::: Input records

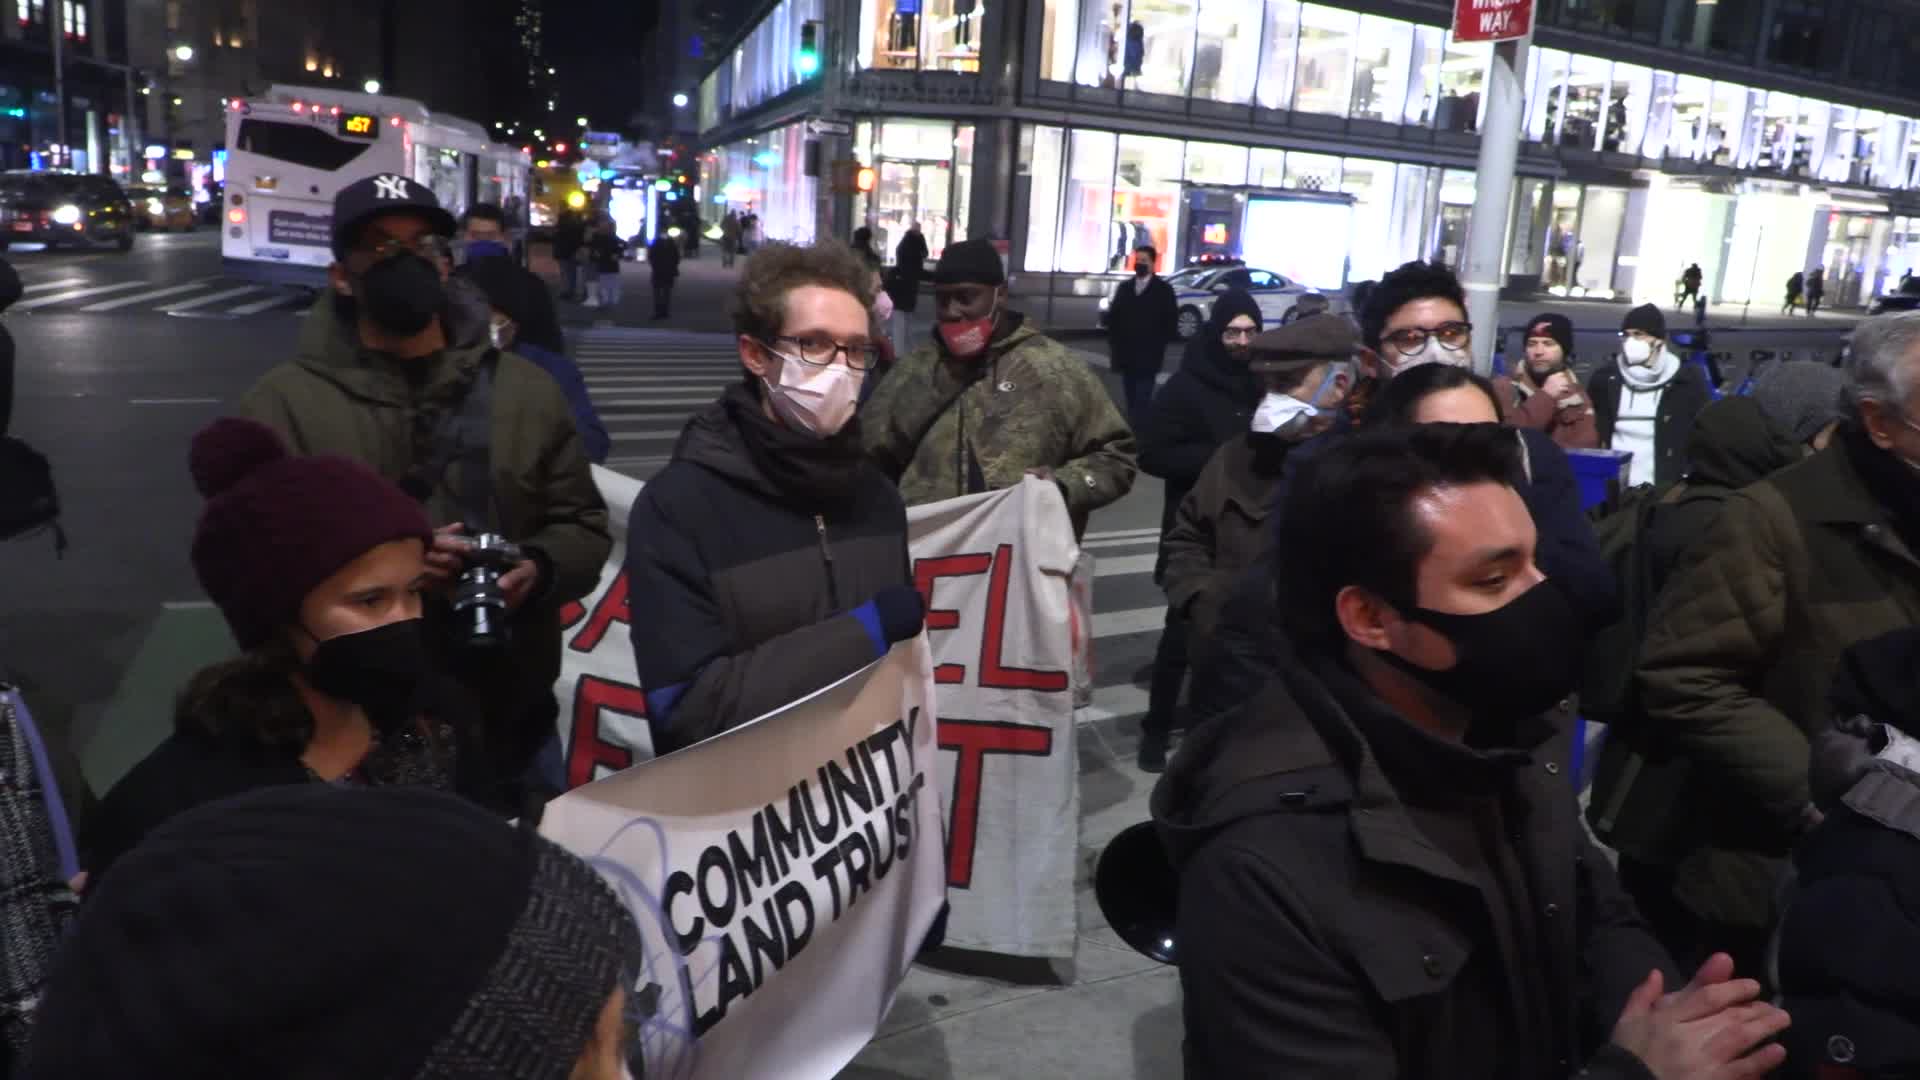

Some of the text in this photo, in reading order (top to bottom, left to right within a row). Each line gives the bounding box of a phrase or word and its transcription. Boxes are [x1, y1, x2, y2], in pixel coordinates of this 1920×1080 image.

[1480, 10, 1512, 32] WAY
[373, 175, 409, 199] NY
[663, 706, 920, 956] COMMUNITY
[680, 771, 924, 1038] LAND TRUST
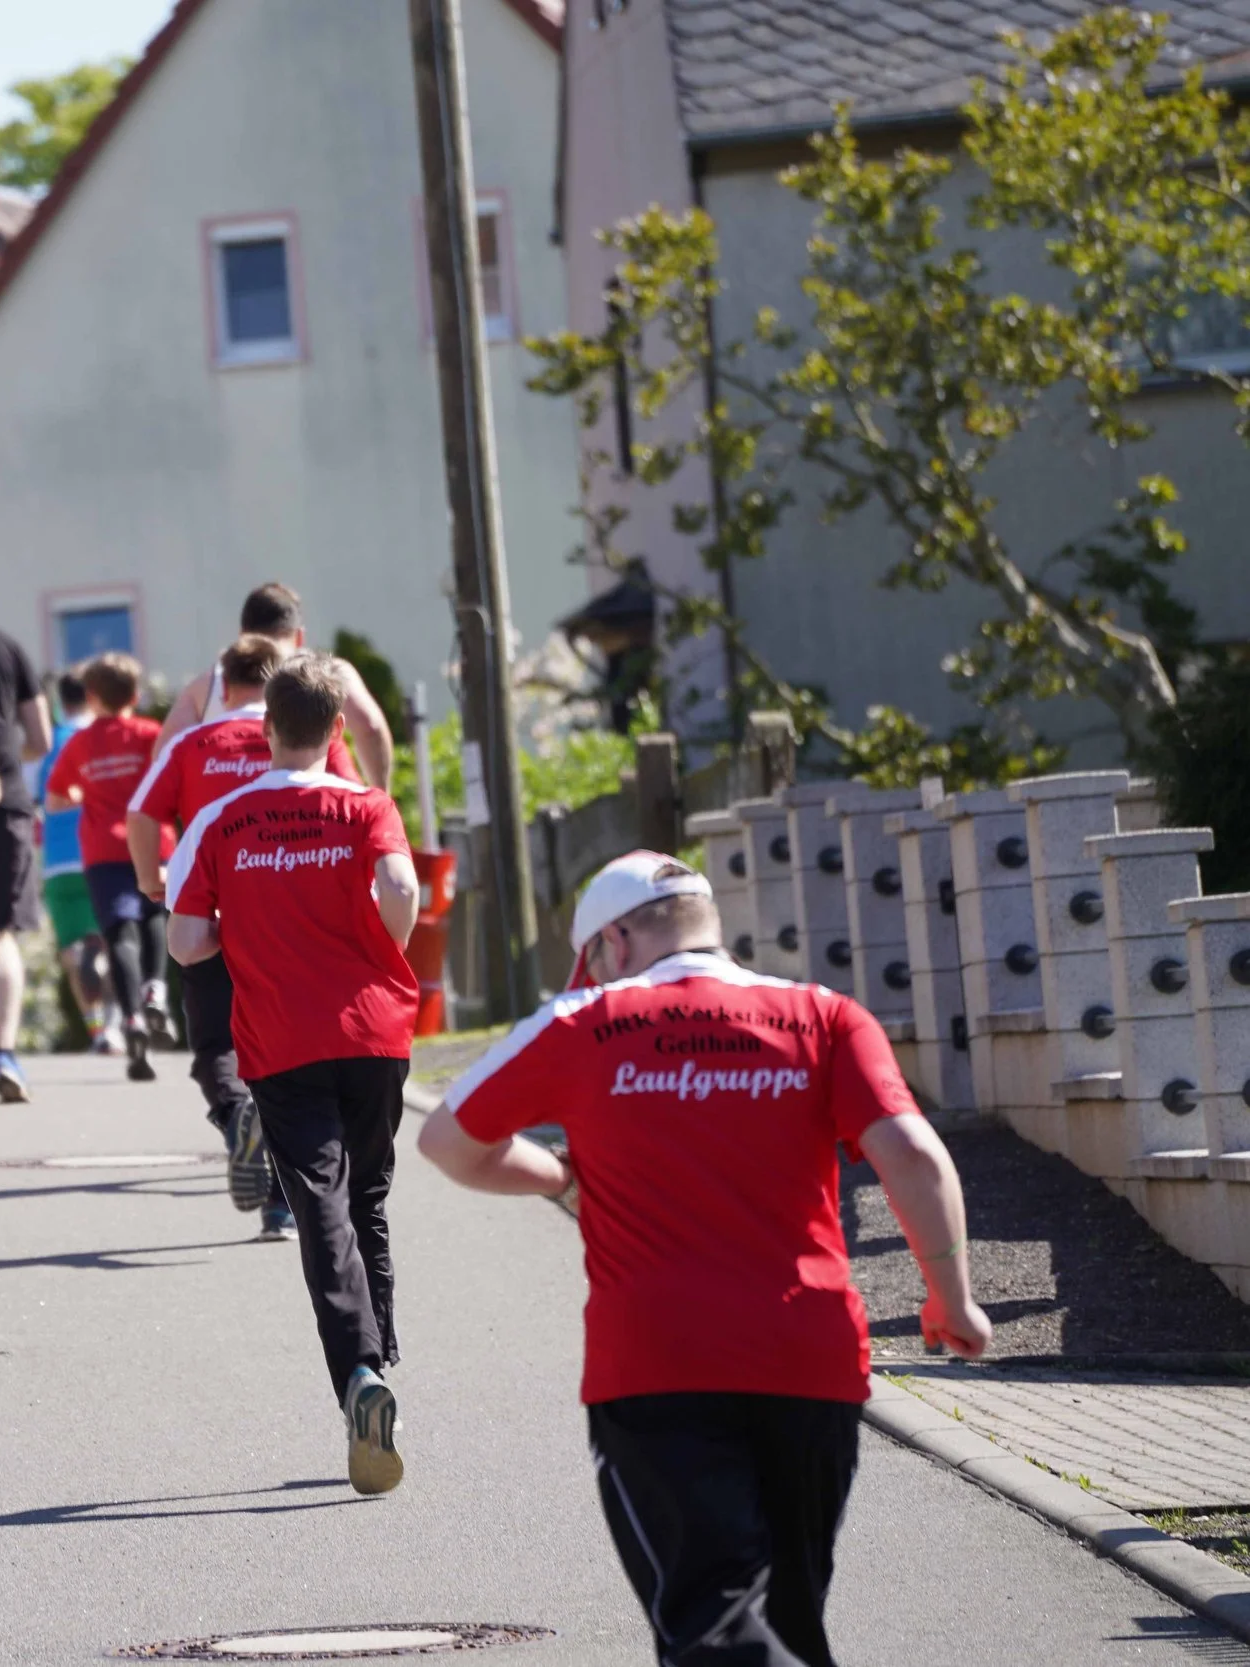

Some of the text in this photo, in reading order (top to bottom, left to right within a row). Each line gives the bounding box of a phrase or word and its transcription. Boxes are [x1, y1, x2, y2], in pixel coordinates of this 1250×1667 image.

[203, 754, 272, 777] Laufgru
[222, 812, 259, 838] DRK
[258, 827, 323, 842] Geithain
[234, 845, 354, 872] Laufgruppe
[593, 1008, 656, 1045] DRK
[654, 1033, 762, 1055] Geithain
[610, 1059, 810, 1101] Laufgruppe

::::::

- Exercise requirements -
Each line, beginning at the one that contains "this 1250×1667 image." and continuing through the end of the records, must be written out exactly, first and last included.

- Solved exercise -
Some of the text in this photo, in reading order (top to bottom, left to right within a row). Each line gives the bounding box of a phrase or word and its transcription. Boxes are [x1, y1, x2, y2], in pixel coordinates of this 1250×1667 image.

[203, 754, 272, 777] Laufgru
[222, 812, 259, 838] DRK
[258, 827, 323, 842] Geithain
[234, 845, 354, 872] Laufgruppe
[593, 1008, 656, 1045] DRK
[654, 1033, 762, 1055] Geithain
[610, 1059, 810, 1101] Laufgruppe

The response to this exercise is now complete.